The assignment operators for the built in types return an lvalue in C++ (unlike in C). But you cannot use it to modify the object without an intervening sequence point, so your example is undefined behavior (in C++03—C++11 changed a lot here, and I seem to remember that one of the results made your code defined).

Regardless of the situation with regards to undefined behavior, you would be better off writing:

x = 2 * x + y;

It's far more readable. The fact that the assignment operators result in lvalues is really only usable when the results are bound immediately to a reference:

T&
SomeClass::f()
{
    //  ...
    return aTinSomeClass += 42;
}

And even then, I'd write it in two statements.

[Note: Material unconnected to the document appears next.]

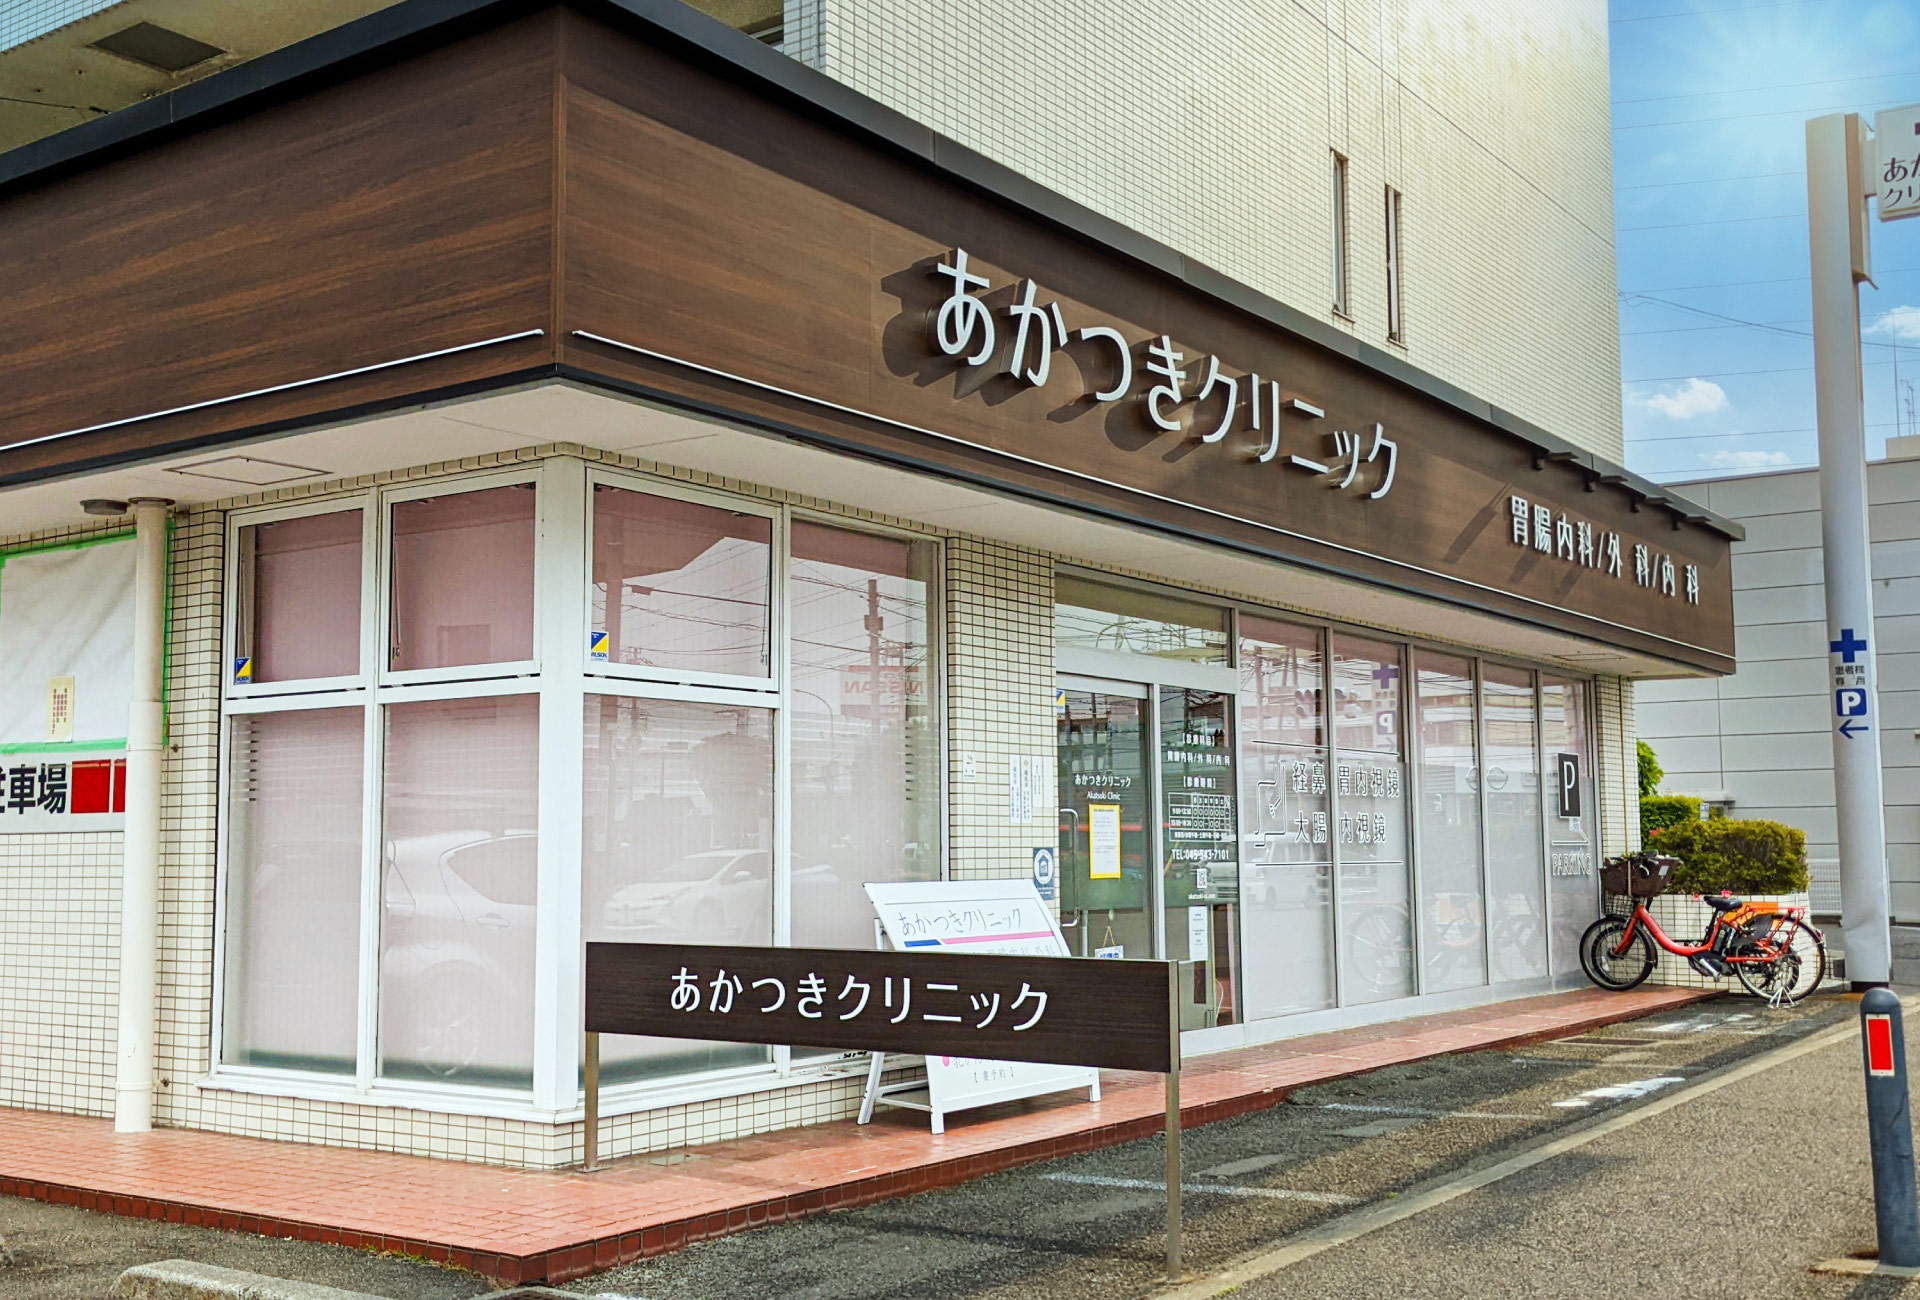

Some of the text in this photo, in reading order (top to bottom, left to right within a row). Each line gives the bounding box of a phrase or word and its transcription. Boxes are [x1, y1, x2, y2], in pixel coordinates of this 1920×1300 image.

(The general rule in C++ is that if the result of an operator corresponds to the value of an object in memory, then it is an lvalue. There was no general rule in C.)

Question 2

In C++ the result of the assignment operators, including the compound assignment operators (such as *=) are l-values, and thus assignables.

In C they are r-values, so your code invalid C code.

Question 3

In C++, compound assignment operators return lvalues, as per §5.17/1:

The assignment operator (=) and the compound assignment operators all group right-to-left. All require a modifiable lvalue as their left operand and return an lvalue referring to the left operand.

In this case, the use of *= returns an lvalue denoting the object x which is then used as the left operand of the += operator.

Perhaps you are thinking of the simple arithmetic operators like + and * which do return rvalues.

In C, these operators don't return lvalues and therefore the result can't be further assigned.